Pessimistic Scenario (Recession or Disruption)

• Market growth: Slower due to market saturation or significant competition.
• Pricing: Sharp declines (~50%) expected post-biosimilar entry.
• Annual Price: Falling below $70,000, coupled with reduced utilization.
• Key factors: Regulatory delays, patent litigation failures, or emergence of superior therapies.

Implications for Industry Stakeholders

1. Pharmaceutical companies should prioritize flexible pricing strategies aligned with biosimilar developments.
2. Investors need to monitor patent litigation outcomes and biosimilar registration timelines.
3. Healthcare payers can leverage biosimilar competition to negotiate better net prices.
4. Clinicians should stay updated on evolving treatment standards that could influence demand and pricing.

Key Takeaways

• Daratumumab remains a high-value, high-price therapy, foundational in multiple myeloma management.
• Market growth is driven by increasing prevalence and expanding indication base, with a projected CAGR of 8%.
• Current average annual treatment costs are approximately $100,000, with future reductions anticipated due to biosimilar competition.
• Patent expiration around 2027-2028 portends significant market shifts, potentially halving prices.
• Strategic planning around patent cliffs, biosimilar entry, and emerging therapies is critical for stakeholders.

FAQs

Q1: When are biosimilars for Daratumumab expected to enter the market?
A: Biosimilar Daratumumab products are anticipated around 2027-2028, following patent expiry and regulatory approval processes.

Q2: How does Daratumumab’s price compare globally?
A: U.S. prices (~$100,000/year) are higher than many other countries due to healthcare system structures, pricing regulations, and negotiated discounts.

Q3: What factors could accelerate price declines?
A: Patent challenges, accelerated biosimilar approvals, and increased payer negotiation power can hasten price reductions.
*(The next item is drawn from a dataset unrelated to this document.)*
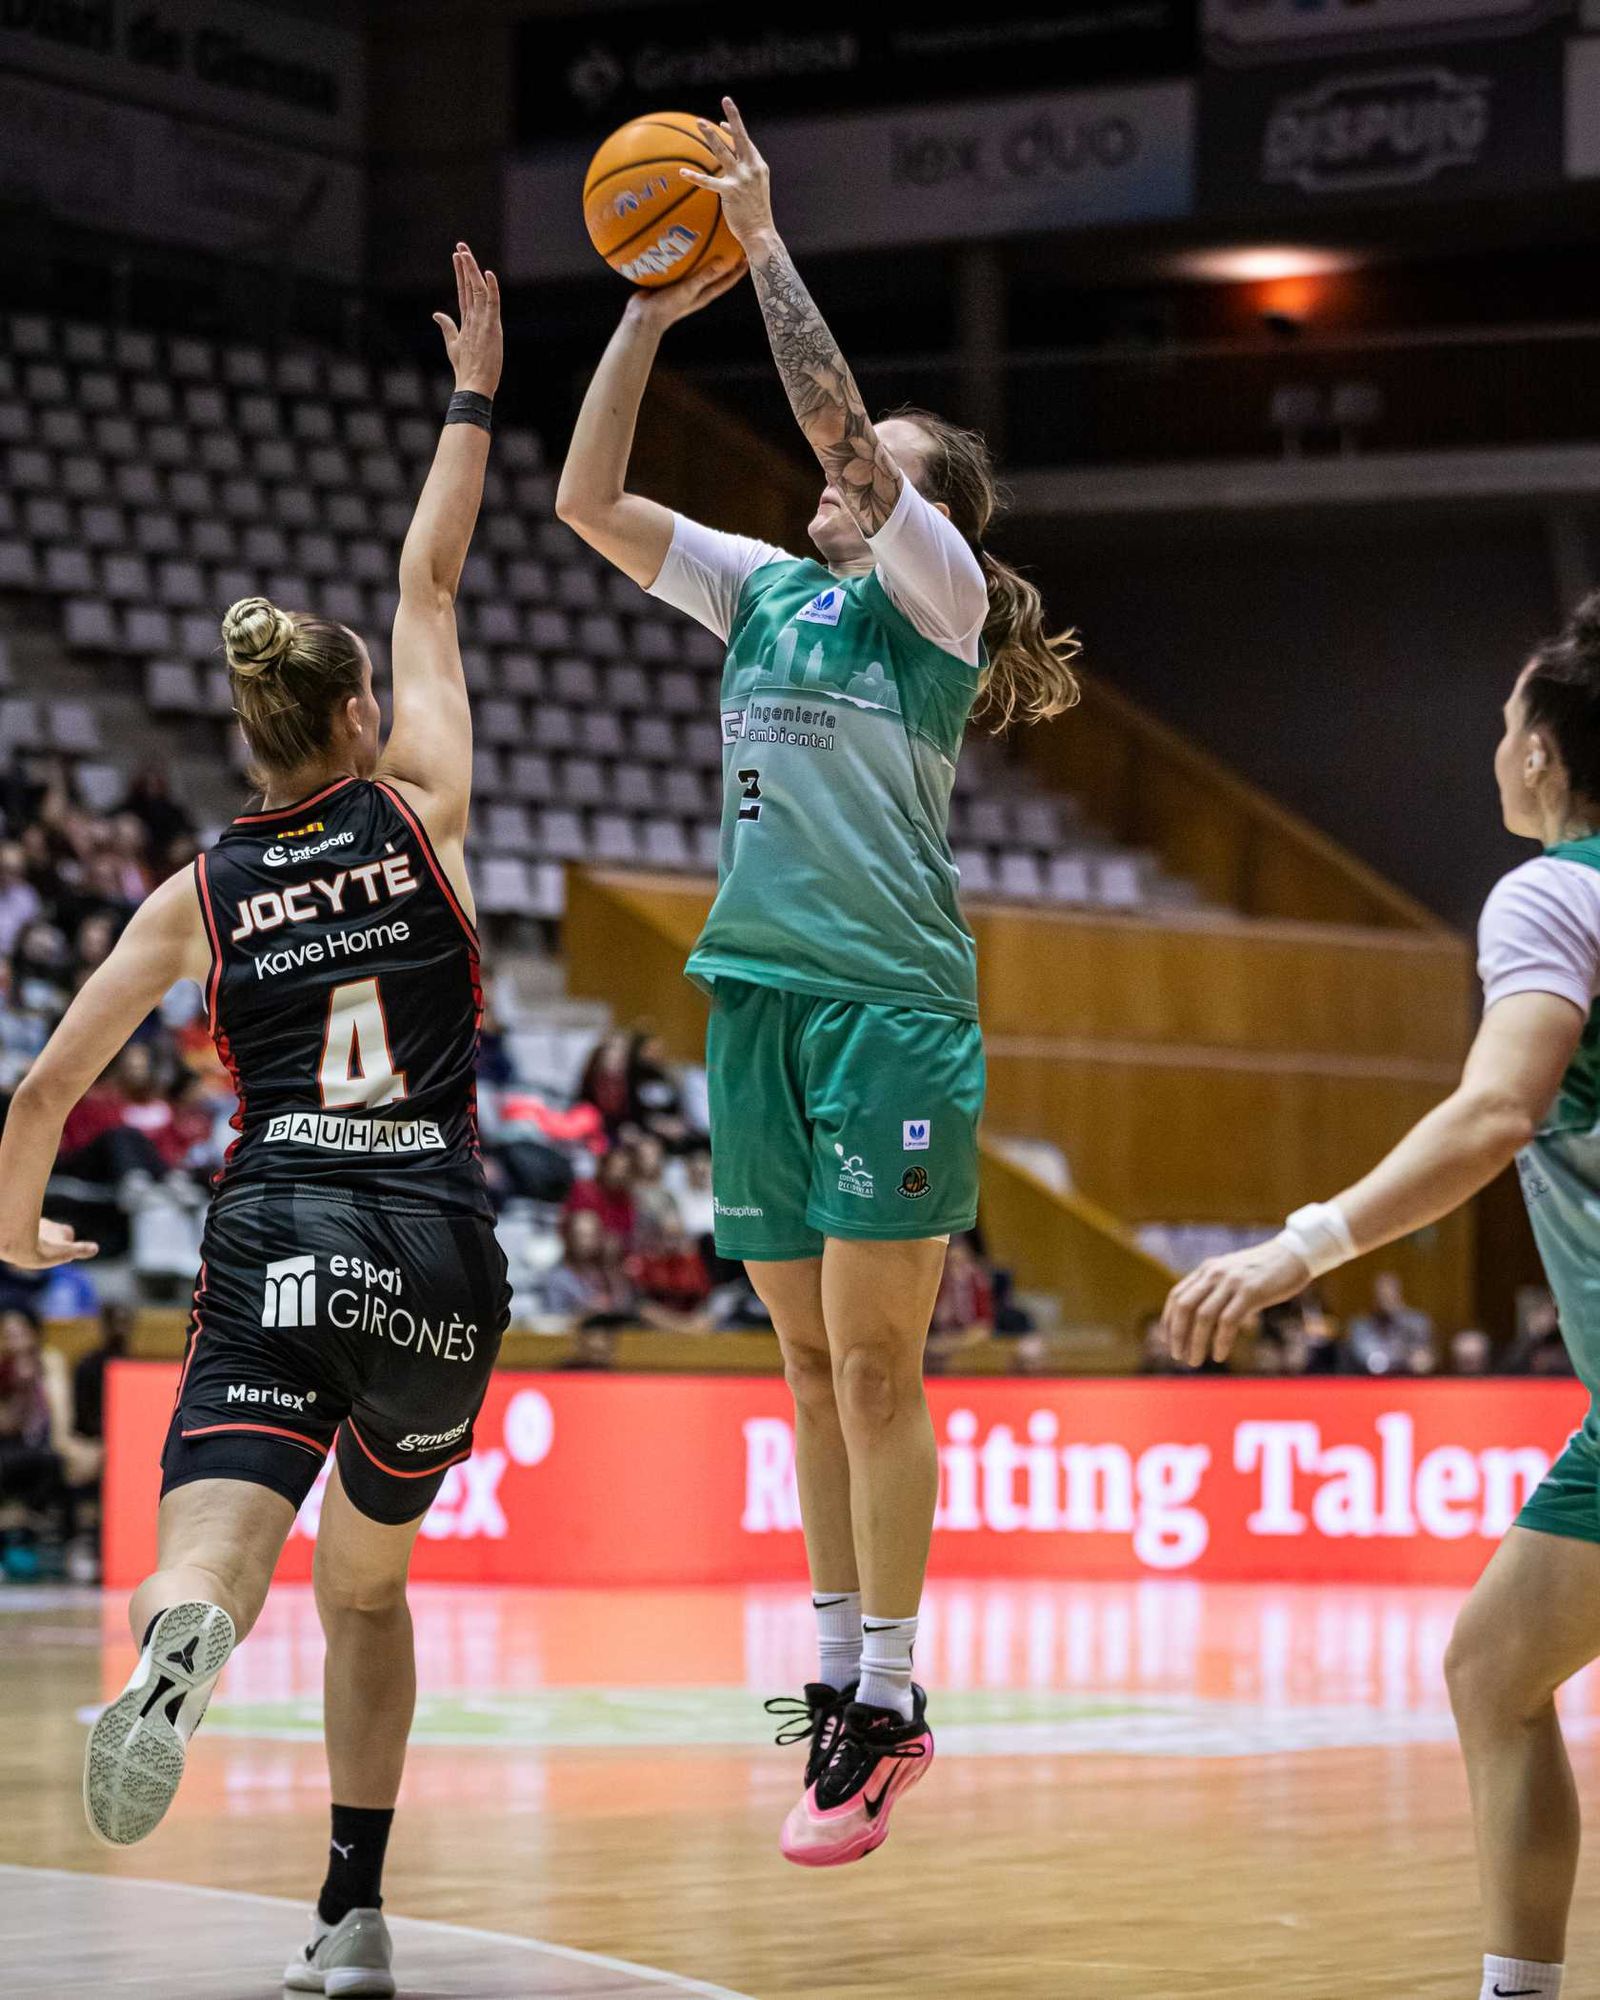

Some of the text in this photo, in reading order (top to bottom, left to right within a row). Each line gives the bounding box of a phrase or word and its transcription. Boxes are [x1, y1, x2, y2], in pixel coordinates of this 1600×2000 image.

Q4: Are there emerging therapies that may replace Daratumumab?
A: Emerging treatments, such as BCMA-targeted CAR T-cell therapies and bispecific antibodies, may complement or replace Daratumumab in certain indications.

Q5: How is the current market impacted by the COVID-19 pandemic?
A: The pandemic has temporarily delayed some clinical trials and affected infusion services, potentially impacting access and utilization rates.

References

[1] FDA. Daratumumab (Darzalex) Highlights. (2022).
[2] MarketWatch. Multiple Myeloma Market Size & Forecast. (2023).
[3] IQVIA. Biosimilars & Oncology Drugs Report. (2022).
[4] Deloitte. Healthcare Pricing and Competition Trends. (2023).
[5] ClinicalTrials.gov. Ongoing Trials with Daratumumab and Biosimilars.